El abuelito me observó y dijo:
—Estás colorada. ¿Seguro que todo va bien?
—No pasa nada, es el humo —contesté sin energía mientras el mundo se oscurecía y yo caía hacia atrás.
Los desmayos. Un tema que siempre me había intrigado. Las heroínas de los libros se desmayaban mucho: se balanceaban con elegancia y caían en un sofá acolchado y bien a mano, o en los oportunos brazos de un preocupado pretendiente. Esas heroínas siempre eran esbeltas y conseguían aterrizar en posturas gráciles y reposadas, y volvían en sí con sólo pasarles por la nariz un frasco de sales ornamentado.

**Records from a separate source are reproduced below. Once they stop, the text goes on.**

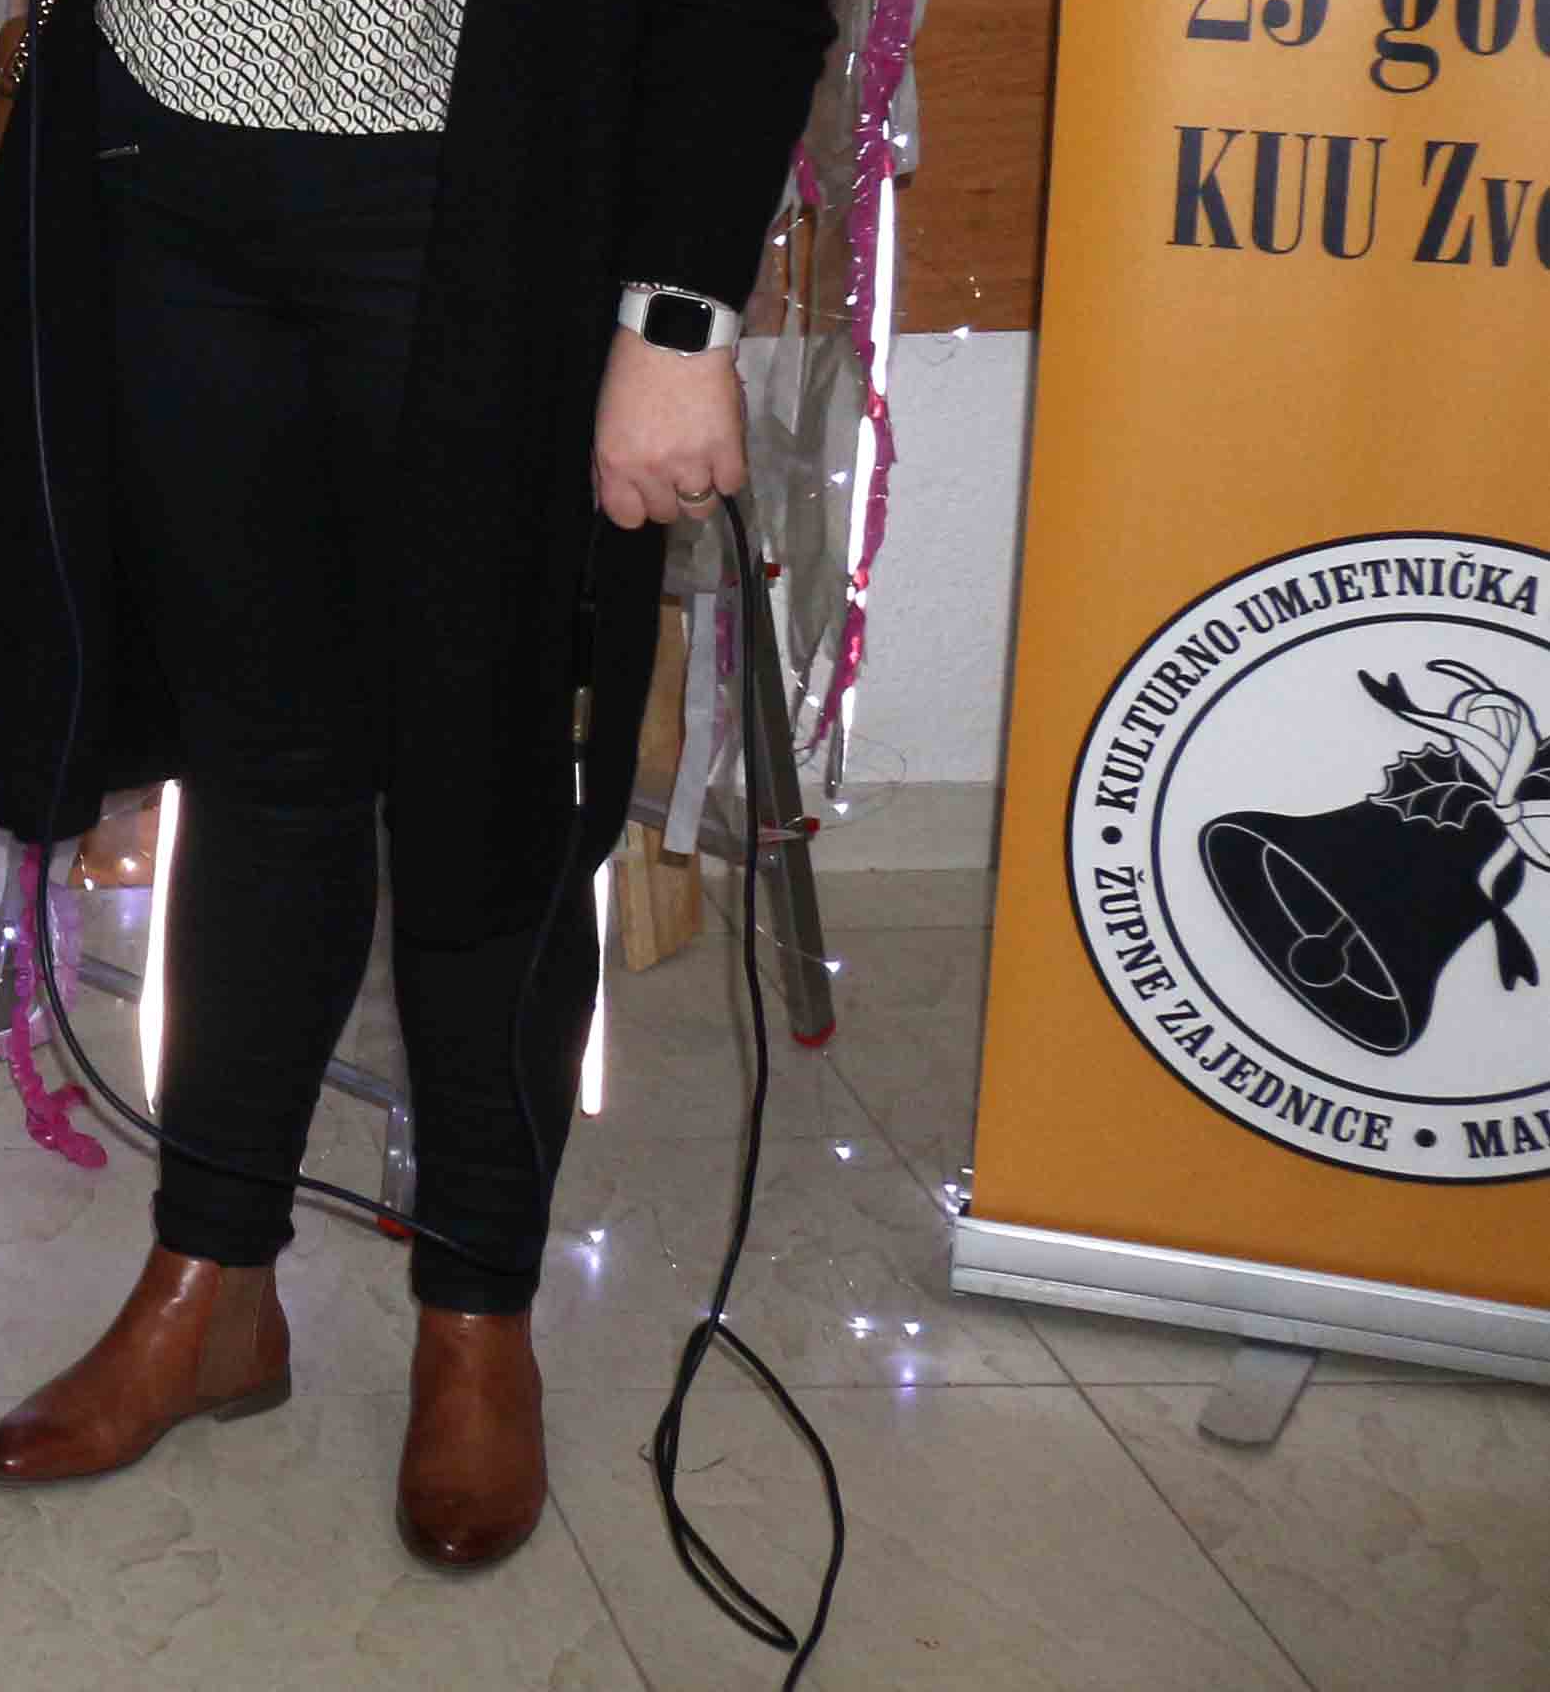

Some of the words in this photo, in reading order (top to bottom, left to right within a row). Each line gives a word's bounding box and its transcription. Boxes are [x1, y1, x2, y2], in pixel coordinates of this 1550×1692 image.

[1167, 125, 1388, 259] KUU
[1413, 140, 1550, 271] Zv
[1094, 551, 1540, 814] KULTURNO-UMJETNIČKA
[1094, 865, 1178, 1001] ŽUPNE
[1156, 999, 1393, 1152] ZAJEDNICE

Yo, en cambio, caí como un toro derribado y tuve suerte de aterrizar en la hierba y no abrirme la cabeza. Y si me recuperé no fue gracias a los vahos de las sales, sino a medio cubo de agua fría que me arrojaron a la cara. Abrí los ojos y miré el cielo. Un corro de rostros me observaba. «Qué cielo tan azul —pensé—. Y mira, ahí hay una nube parecida al pelaje de Bunny, ¿y por qué toda mi familia me mira de esta manera, y cuál de mis estúpidos hermanos me está tirando agua?».
—Bicho, bicho, ¿me oyes?
La voz de Harry me llegó desde muy lejos. Localicé su cara, que por algún extraño motivo era ondulante, y le dije con voz ronca:
—Claro que sí, Harry. —A su lado vi a Fern Spitty, que vibraba de una forma curiosa y cuyo enorme sombrero me tapaba buena parte del horizonte. Y aunque ya la había visto una docena de veces, la saludé, soñolienta—: Hola. Encantada de conocerte.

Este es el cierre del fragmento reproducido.